■ WHAT TO PRODUCE:
Print every record exactly, omitting all pictures.

■ RECORDS TO USE:
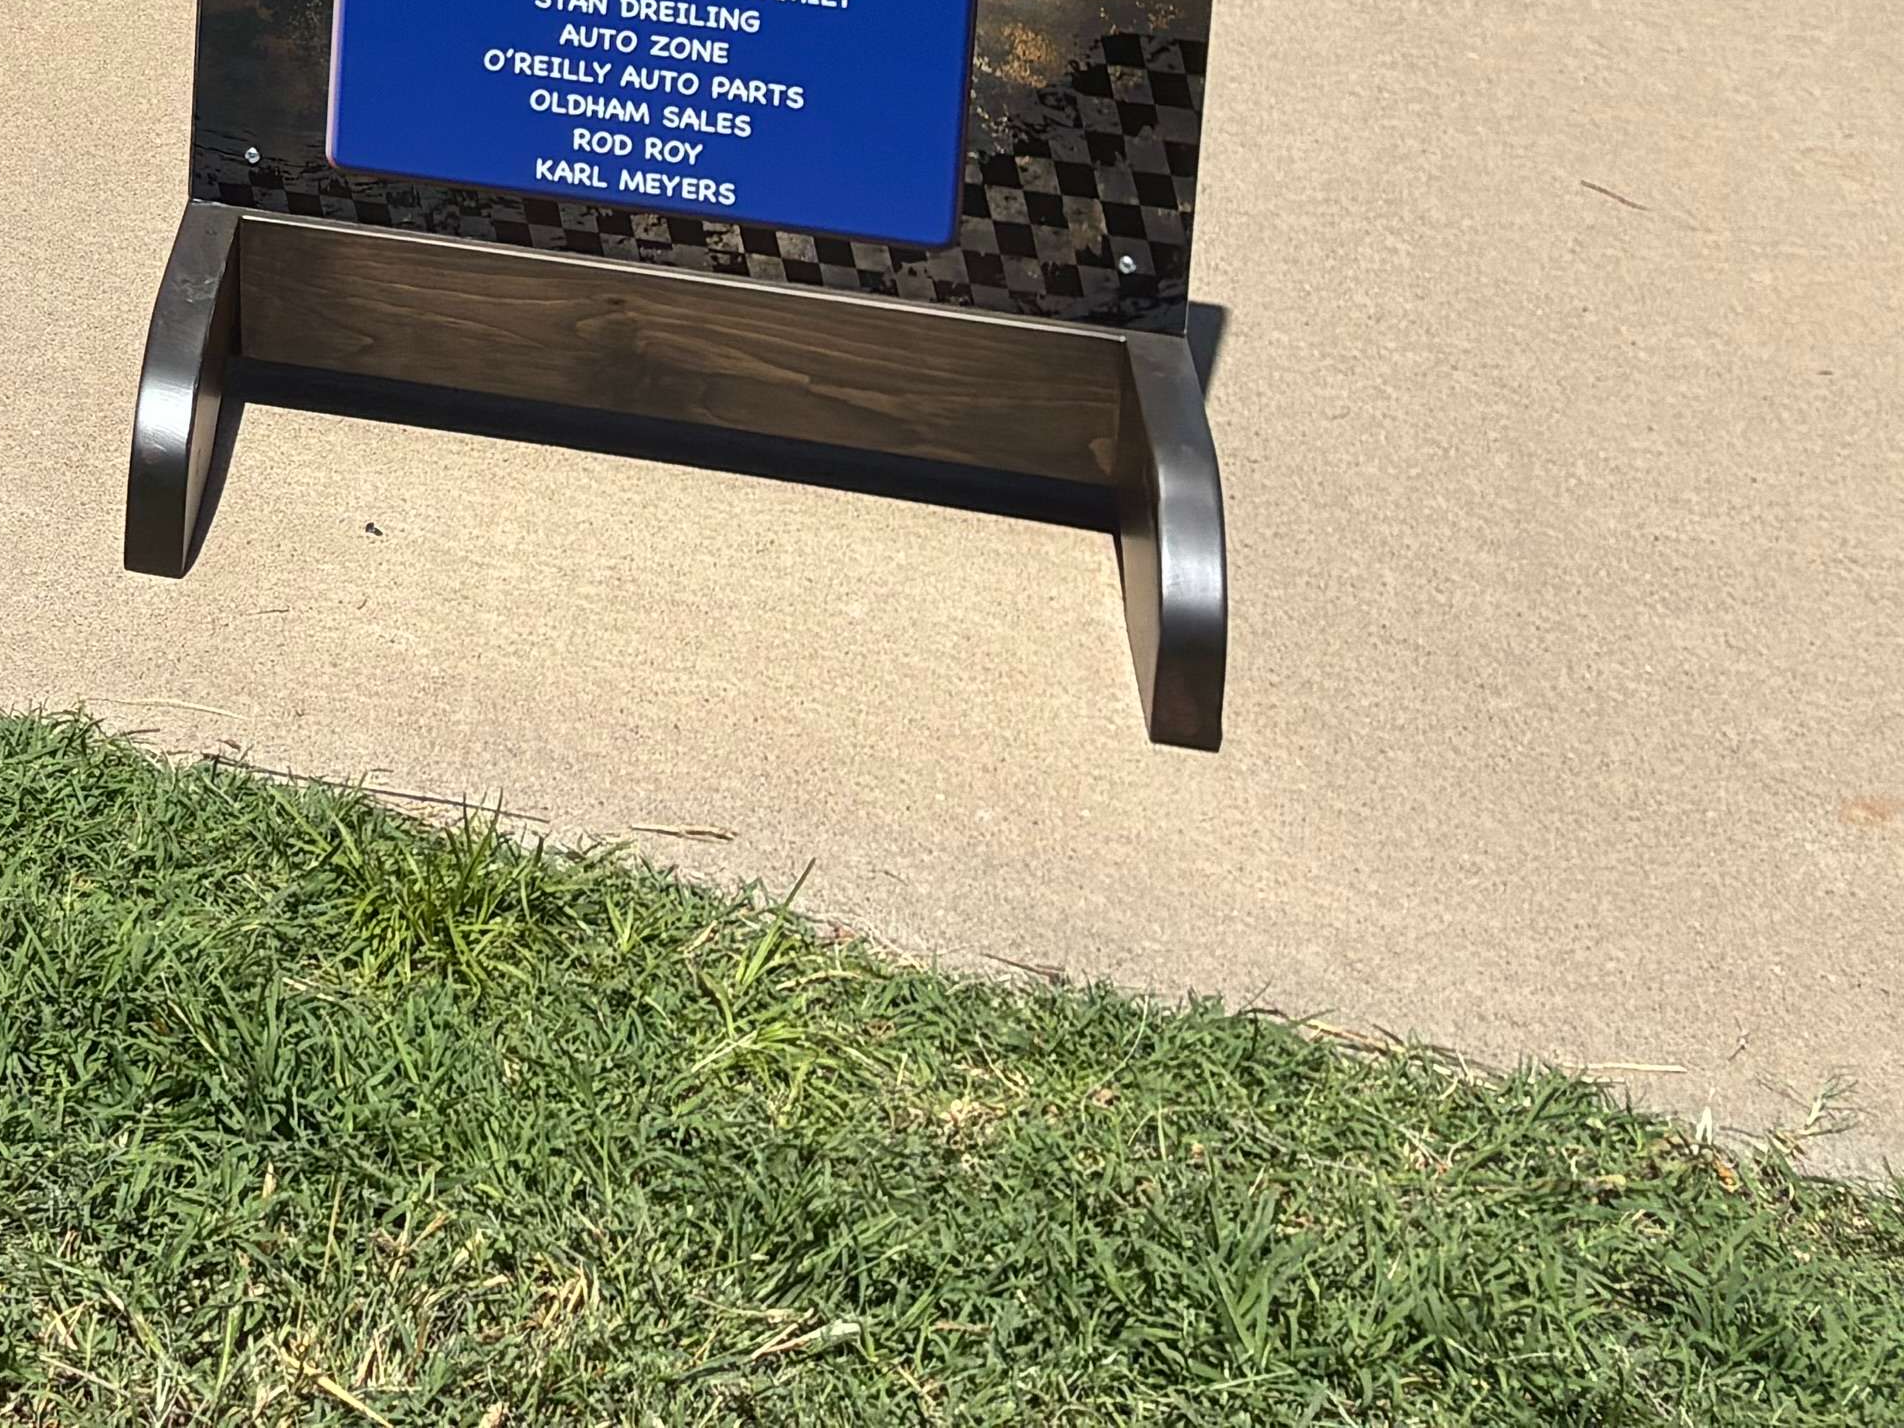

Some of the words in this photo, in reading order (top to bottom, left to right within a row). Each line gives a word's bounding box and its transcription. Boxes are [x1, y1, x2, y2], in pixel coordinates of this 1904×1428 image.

[559, 23, 638, 54] AUTO
[650, 35, 730, 65] ZONE
[483, 49, 611, 86] O'REILLY
[620, 66, 700, 97] AUTO
[711, 80, 806, 110] PARTS
[529, 89, 651, 126] OLDHAM
[662, 106, 753, 138] SALES
[572, 128, 634, 156] ROD
[645, 137, 704, 166] ROY
[535, 158, 608, 189] KARL
[619, 171, 738, 206] MEYERS
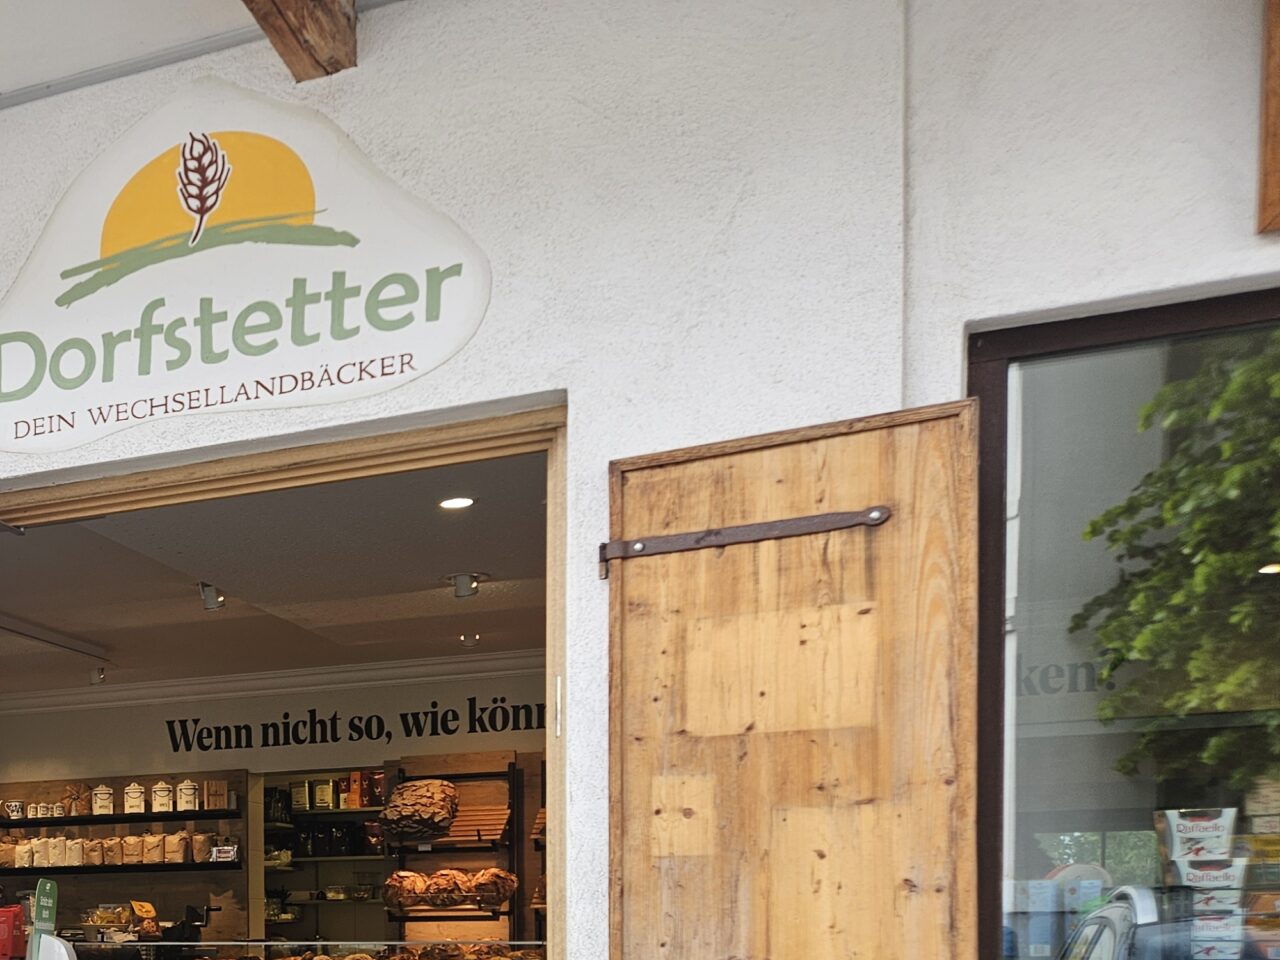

■ EXERCISE SOLUTION:
Some of the words in this photo, in reading order (top to bottom, left to right within a row). Each line gives a word's bounding box and its transcription. Boxes are [x1, y1, x2, y2], in pixel coordinates of this 1904×1428 image.

[559, 23, 638, 54] AUTO
[650, 35, 730, 65] ZONE
[483, 49, 611, 86] O'REILLY
[620, 66, 700, 97] AUTO
[711, 80, 806, 110] PARTS
[529, 89, 651, 126] OLDHAM
[662, 106, 753, 138] SALES
[572, 128, 634, 156] ROD
[645, 137, 704, 166] ROY
[535, 158, 608, 189] KARL
[619, 171, 738, 206] MEYERS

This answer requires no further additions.